医学
肝切除术
麻醉
随机对照试验
外科
止痛药
切除术
作者
Vittoria Arslan‐Carlon,Motaz Qadan,Vinay Puttanniah,Kenneth Seier,Mithat Gönen,Gloria Yang,Mary Fischer,Ronald P. DeMatteo,T. Peter Kingham,William R. Jarnagin,Michael I. D’Angelica
出处
期刊:Annals of Surgery
[Ovid Technologies (Wolters Kluwer)]
日期:2024-01-12
被引量:2
标识
DOI:10.1097/sla.0000000000006205
摘要
Objective: To evaluate whether patient-controlled epidural analgesia (PCEA) improves postoperative pain during ambulation following elective open hepatectomy. Background: Strategies to alleviate postoperative pain are a critical element of recovery after surgery. However, the optimal postoperative pain management strategy following open hepatectomy remains unclear. Methods: We conducted a prospective, non-blinded, randomized comparison of PCEA (intervention) vs. intravenous patient-controlled analgesia (IV PCA; control) for postoperative pain following elective open hepatectomy. The primary endpoint was pain during ambulation on postoperative day (POD) 2. The study was powered to detect a clinically significant 2-point difference on pain numeric rating scale (NRS). Secondary endpoints included pain at rest, morbidity, time to return of bowel function, and length of stay. Results: From 2015-2020, 231 patients were randomized (116 patients in the PCEA arm and 115 in the IV PCA arm). The incidence of epidural failure was 3% (n=4/116), with no epidural-related complications. Patients in the PCEA arm had a <2 point difference in NRS pain scores during ambulation on POD 2 vs.
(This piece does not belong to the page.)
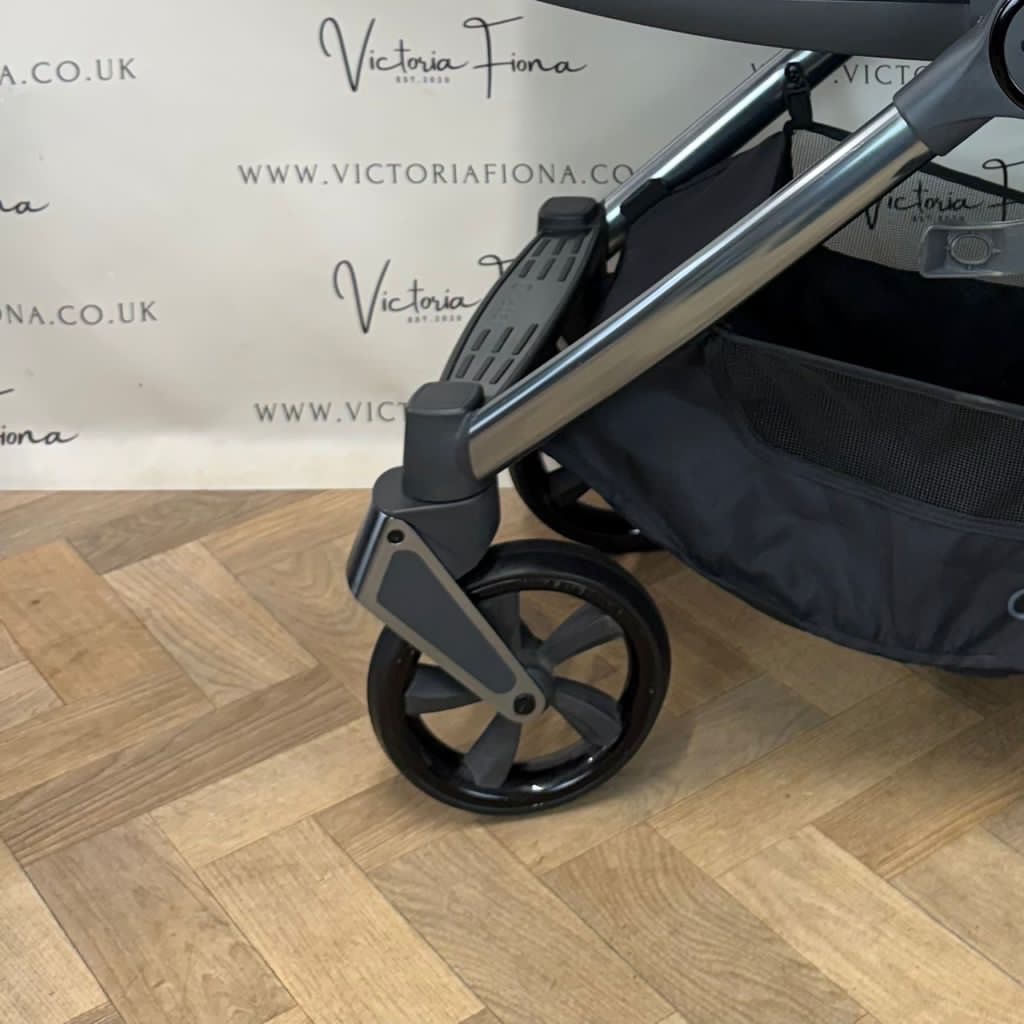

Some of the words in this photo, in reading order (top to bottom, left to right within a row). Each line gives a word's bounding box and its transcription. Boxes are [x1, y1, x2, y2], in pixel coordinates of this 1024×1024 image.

[319, 17, 469, 93] Victoria
[463, 16, 588, 99] Fiona
[332, 259, 479, 334] Victoria
IV PCA (median 4.0 vs. 5.0, P <0.001). There was no difference in overall complications between the PCEA and IV PCA arms (33% vs. 40%, P =0.276). Secondary outcomes, including pain scores at rest, were similar between the study arms. Conclusions: PCEA was safe following open hepatectomy and was associated with a small difference in pain with activity on POD 2 that did not reach our pre-specified definition of clinical significance.